Über 3000 Flüchtlinge sind 2015 ertrunken, mehr als im Vorjahr. Die Dunkelziffer ist hoch. MSF hat vorgestern Freitag beschlossen, mit Greenpeace eine neue Aktion zwischen Griechenland und der Türkei zu starten. Auch vor der libyschen Küste kreuzt weiterhin ein MSF-Schiff.

Die Bedingungen seien prekär gewesen, sagt Stöbe.

«Die Flüchtlinge liegen stundenlang in Salzwasser, Urin und Benzin.»

Wenn sie an Bord kletterten, musste er sekundenschnell entscheiden, wer am dringendsten Hilfe benötigte.

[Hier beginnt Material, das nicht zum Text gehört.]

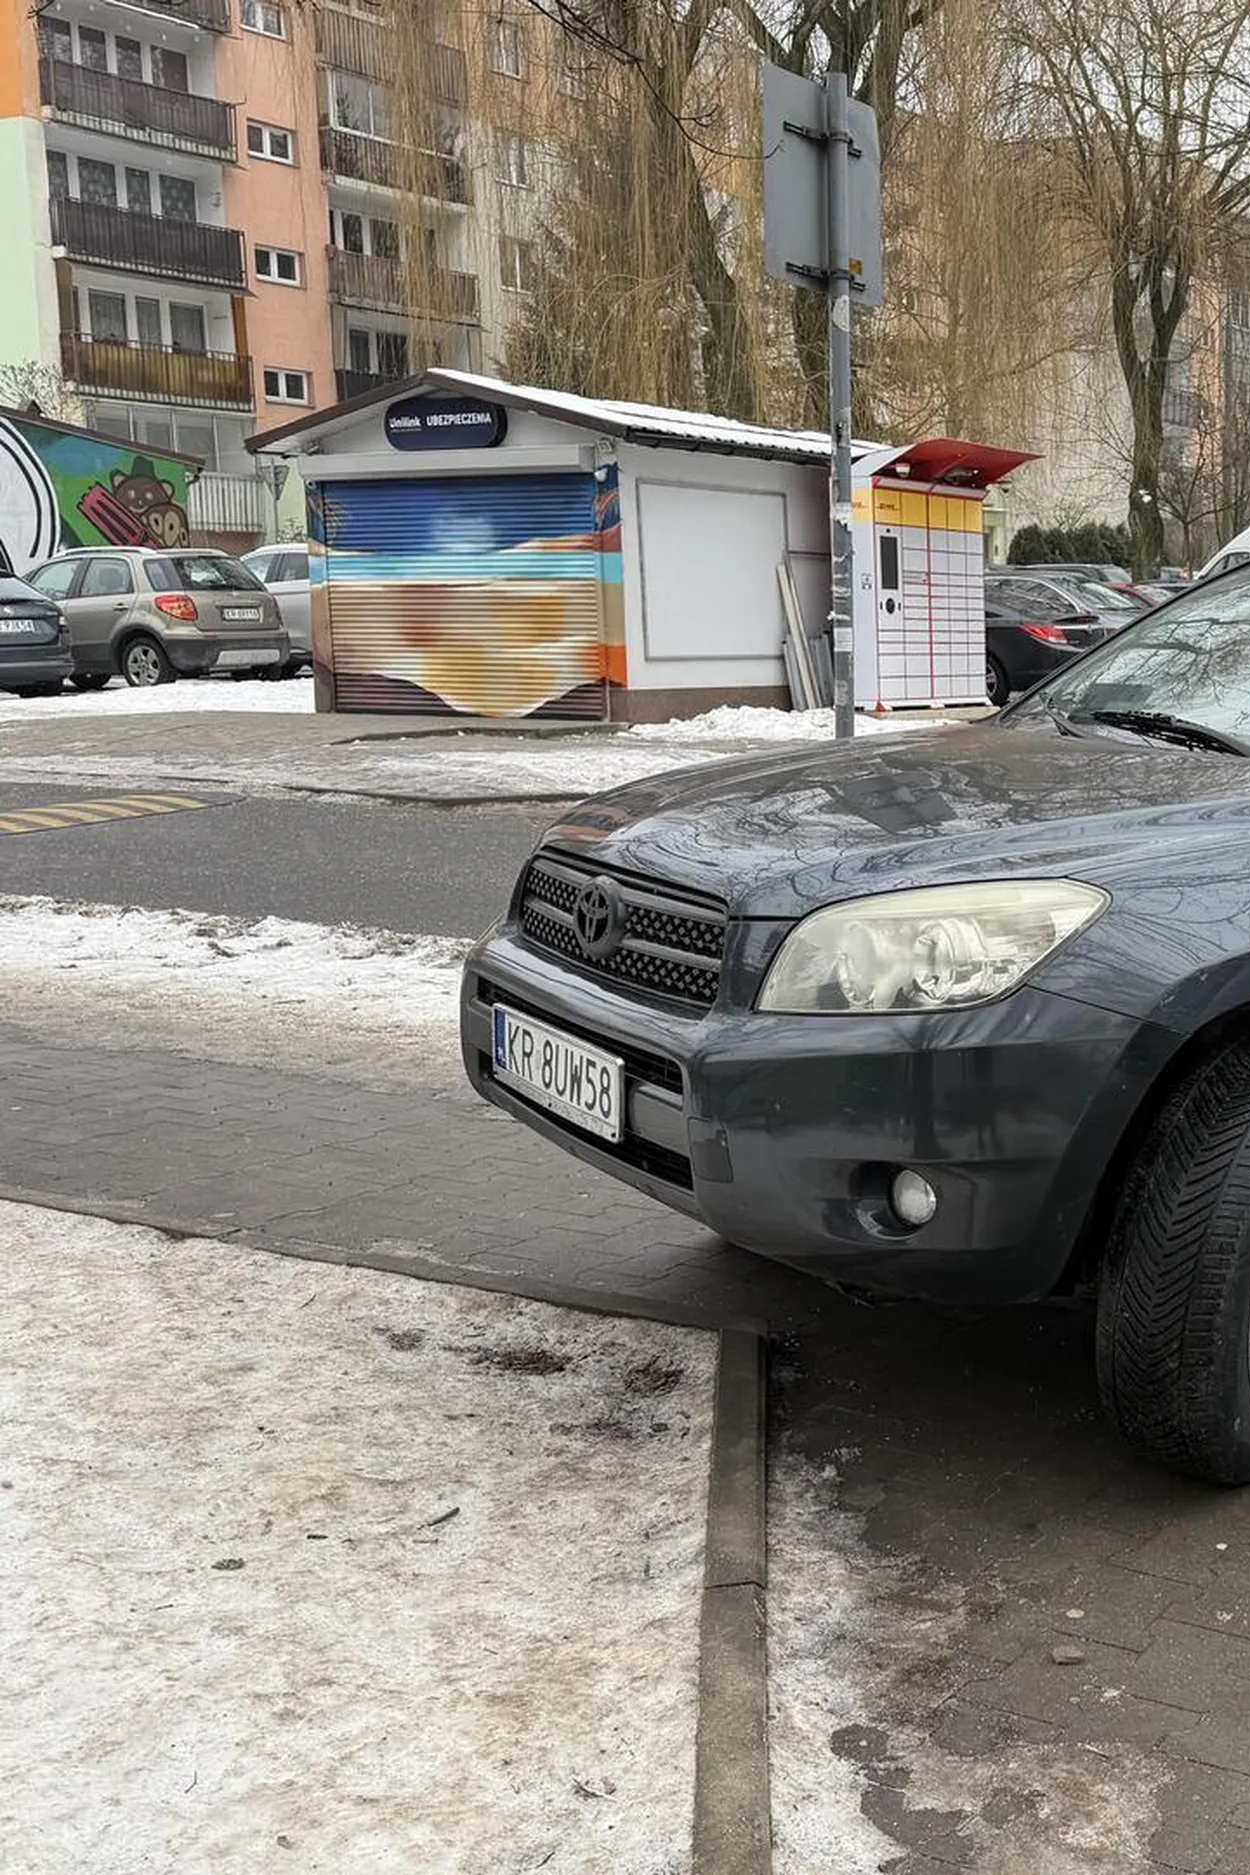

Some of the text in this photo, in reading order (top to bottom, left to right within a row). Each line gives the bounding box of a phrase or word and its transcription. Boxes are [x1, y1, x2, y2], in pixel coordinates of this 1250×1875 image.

[426, 412, 492, 426] UBEZPIECZENIA
[508, 1022, 612, 1119] KR 8UW58

Der Deutsche erzählt gern, er spricht schnell und effizient. Wenn es um seine Mission geht, will er, dass ihn sein Gegenüber versteht. Doch alle paar Minuten zerreisst ein Witz diese Ernsthaftigkeit, er lacht laut und herzhaft.

Seine Empathie und Eloquenz halfen Stöbe auch auf dem Boot, um das Vertrauen der Flüchtlinge zu gewinnen. Nur so könne er die bestmögliche Hilfe leisten: «Manche sind nur erschöpft, aber viele sind schon krank und verletzt bei der Abreise.»